• **WHAT YOU SHOULD DO**: Write every record out again exactly, and keep images out of it.

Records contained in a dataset
--------------------------------------------------

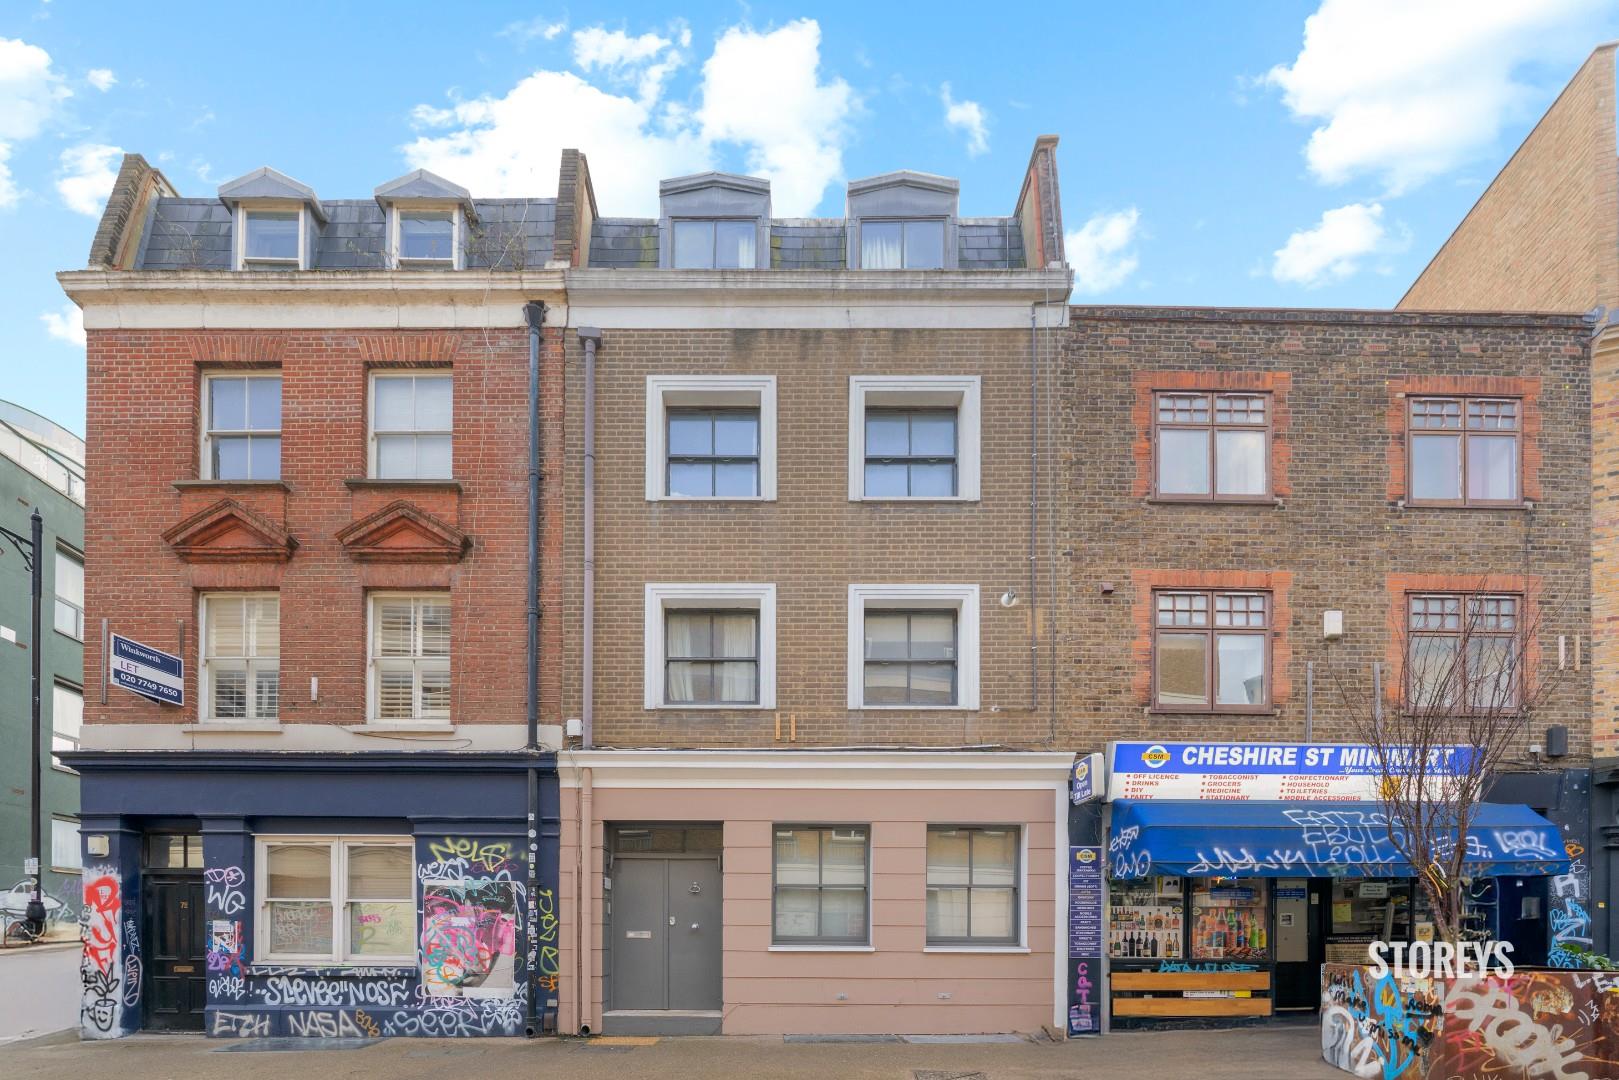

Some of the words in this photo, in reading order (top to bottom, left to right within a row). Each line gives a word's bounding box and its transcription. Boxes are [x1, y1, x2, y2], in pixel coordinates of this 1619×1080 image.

[120, 642, 161, 664] Winkworth
[120, 660, 139, 674] LET
[120, 673, 136, 684] 020
[138, 678, 158, 691] 7749
[158, 685, 178, 697] 7650
[1147, 752, 1166, 761] CSM
[1182, 746, 1298, 766] CHESHIRE
[1304, 747, 1336, 767] ST
[1148, 773, 1181, 781] LICENCE
[288, 1009, 364, 1038] NASA

--------------------------------------------------

• **REPLY**:
Some of the words in this photo, in reading order (top to bottom, left to right within a row). Each line gives a word's bounding box and its transcription. Boxes are [x1, y1, x2, y2], in pixel coordinates of this 1619×1080 image.

[120, 642, 161, 664] Winkworth
[120, 660, 139, 674] LET
[120, 673, 136, 684] 020
[138, 678, 158, 691] 7749
[158, 685, 178, 697] 7650
[1147, 752, 1166, 761] CSM
[1182, 746, 1298, 766] CHESHIRE
[1304, 747, 1336, 767] ST
[1148, 773, 1181, 781] LICENCE
[288, 1009, 364, 1038] NASA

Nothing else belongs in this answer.